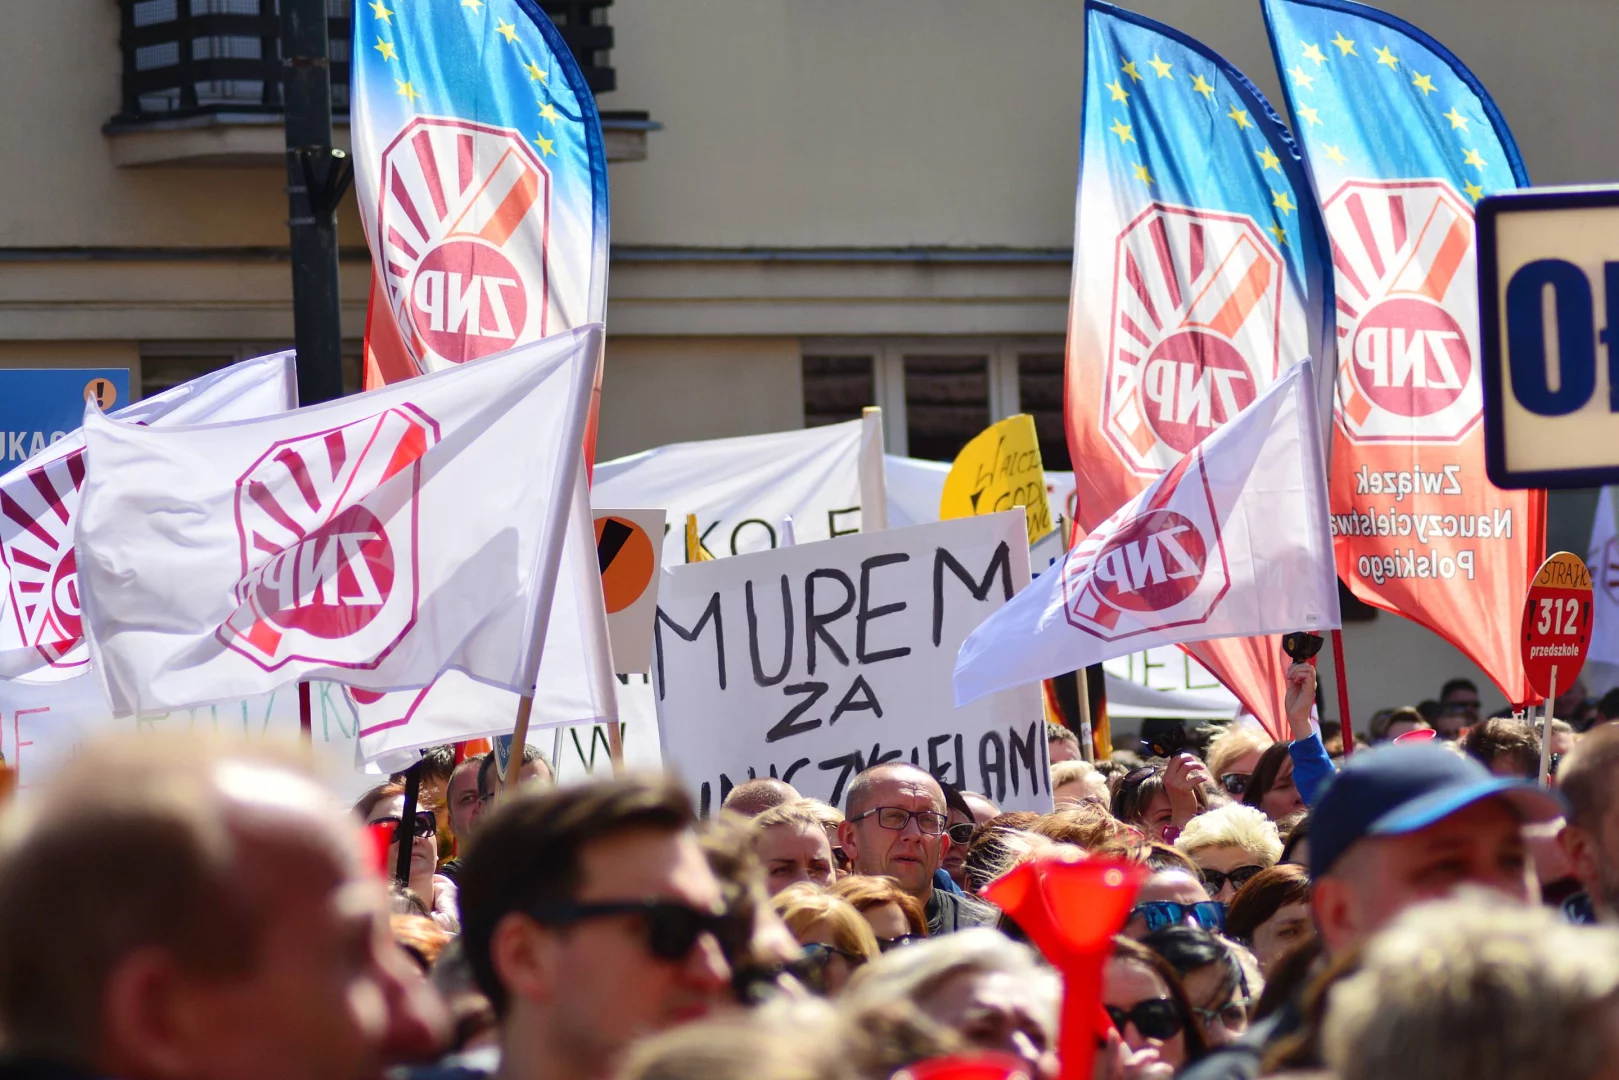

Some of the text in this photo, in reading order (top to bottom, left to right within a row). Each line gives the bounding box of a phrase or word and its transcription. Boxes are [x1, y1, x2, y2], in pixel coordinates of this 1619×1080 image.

[1540, 560, 1588, 588] STRAJK
[654, 540, 1015, 702] MUREM
[1537, 597, 1580, 636] 312
[1530, 642, 1580, 660] przedszkole
[765, 674, 884, 744] ZA
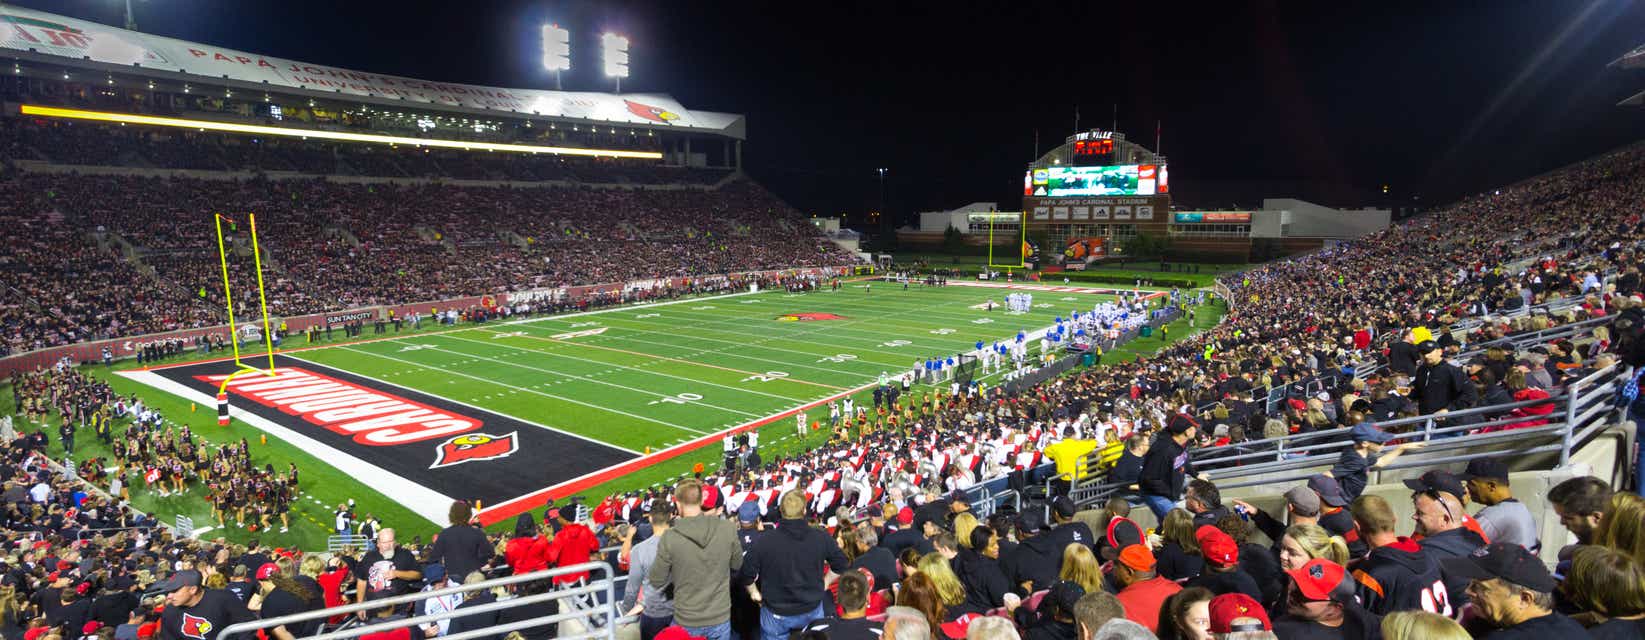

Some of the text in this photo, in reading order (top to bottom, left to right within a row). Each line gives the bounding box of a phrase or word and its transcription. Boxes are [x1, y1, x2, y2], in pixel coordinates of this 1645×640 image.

[188, 48, 276, 69] PAPA
[1092, 131, 1113, 139] VILLE
[661, 393, 703, 404] 10
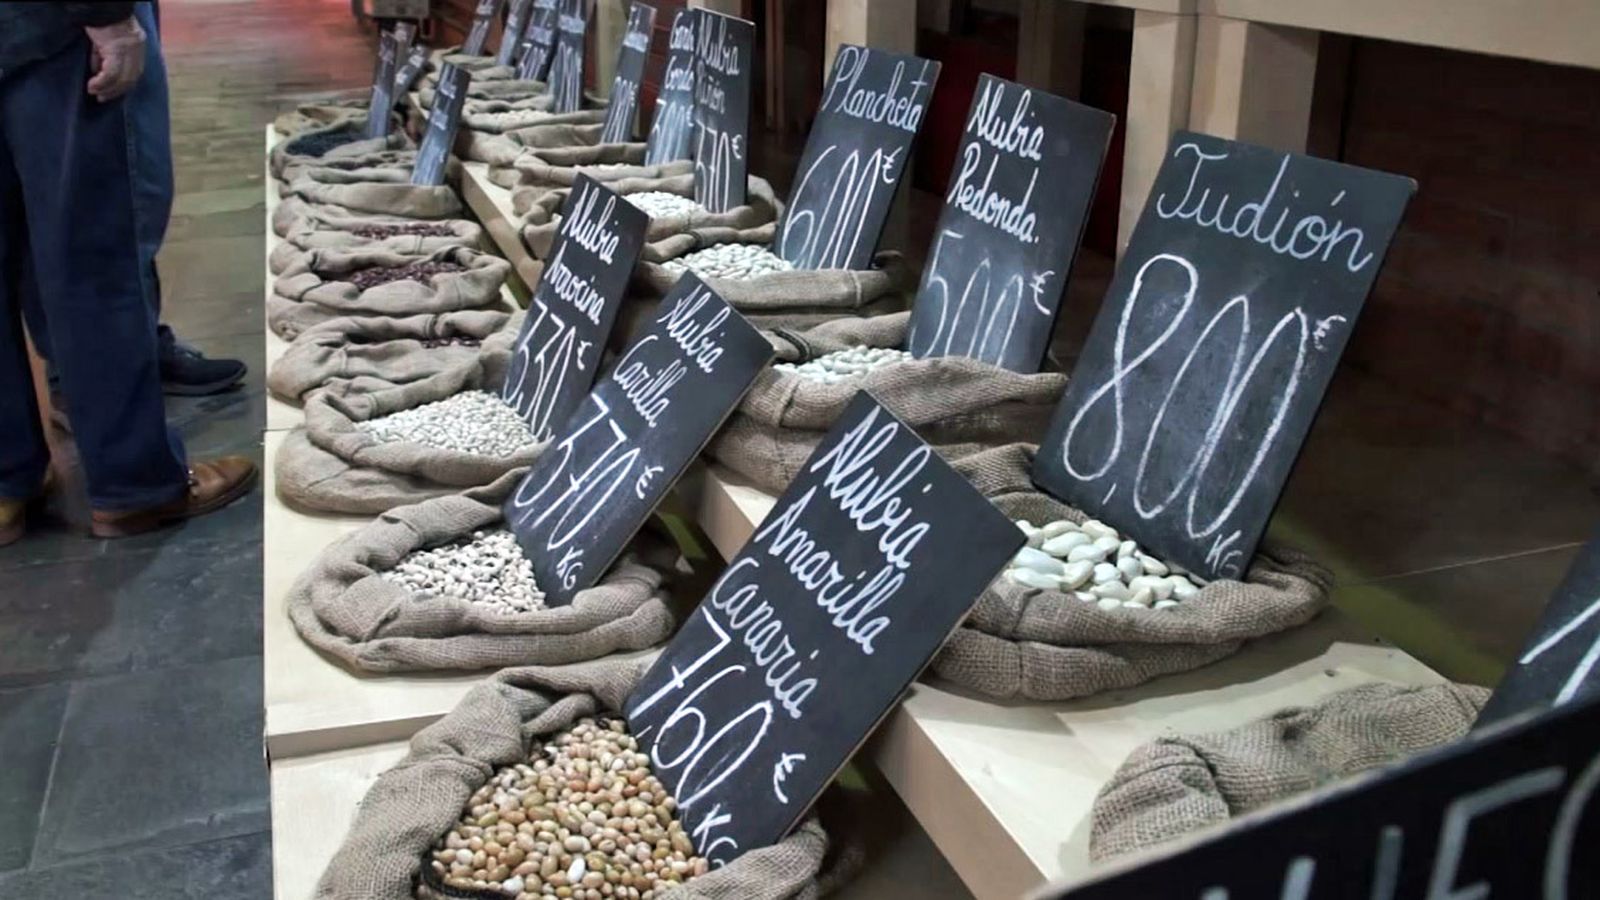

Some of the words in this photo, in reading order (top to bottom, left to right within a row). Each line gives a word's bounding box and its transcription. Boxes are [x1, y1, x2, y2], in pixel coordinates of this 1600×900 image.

[696, 12, 739, 75] Alubia
[966, 79, 1044, 161] Alubia
[561, 181, 619, 265] Alubia
[1157, 142, 1374, 273] Judión
[656, 283, 732, 374] Alubia
[612, 334, 688, 428] Carilla
[811, 405, 932, 567] Alubia
[754, 485, 906, 654] Amarilla
[711, 557, 818, 719] Canaria
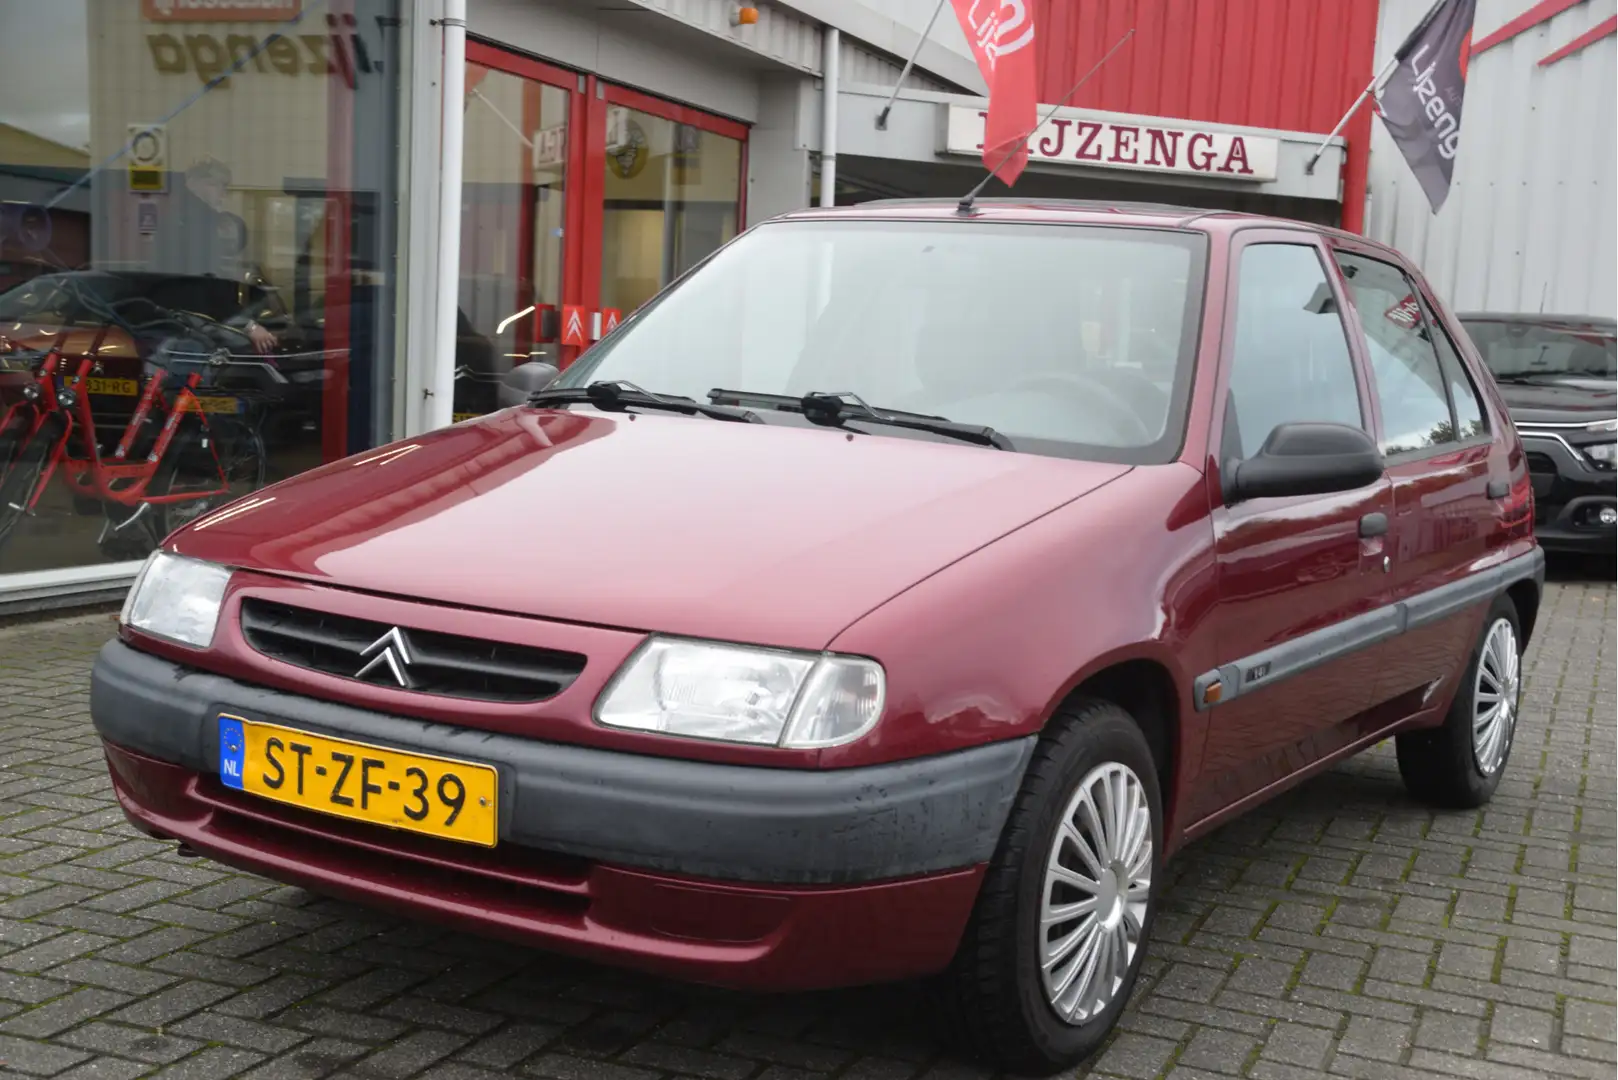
○ ○ ○ ○ ○ ○ ○
> _WORK INSTRUCTIONS_:
Output every record above exactly, leaving out the pictures.

> _RESPONSE TO THIS EXERCISE_:
Some of the text in this photo, in reading order (top to bottom, left to right within a row). Each line gives the bounding box of a phrase or word and its transcription. Boxes are [x1, y1, x2, y2], in pixel coordinates of this 1619×1080 image.

[1540, 560, 1588, 588] STRAJK
[654, 540, 1015, 702] MUREM
[1537, 597, 1580, 636] 312
[1530, 642, 1580, 660] przedszkole
[765, 674, 884, 744] ZA

Some of the text in this photo, in reading order (top to bottom, left to right within a row). Each line gives the bounding box of a phrase or word and its transcription. Boxes are [x1, y1, x2, y2], in pixel coordinates of this 1645×640 image.

[188, 48, 276, 69] PAPA
[1092, 131, 1113, 139] VILLE
[661, 393, 703, 404] 10

Some of the words in this photo, in reading order (top to bottom, left to right within a row). Each line gives a word's bounding box and its transcription. Boxes are [x1, y1, x2, y2], in pixel coordinates of this 1600×900 image.

[696, 12, 739, 75] Alubia
[966, 79, 1044, 161] Alubia
[561, 181, 619, 265] Alubia
[1157, 142, 1374, 273] Judión
[656, 283, 732, 374] Alubia
[612, 334, 688, 428] Carilla
[811, 405, 932, 567] Alubia
[754, 485, 906, 654] Amarilla
[711, 557, 818, 719] Canaria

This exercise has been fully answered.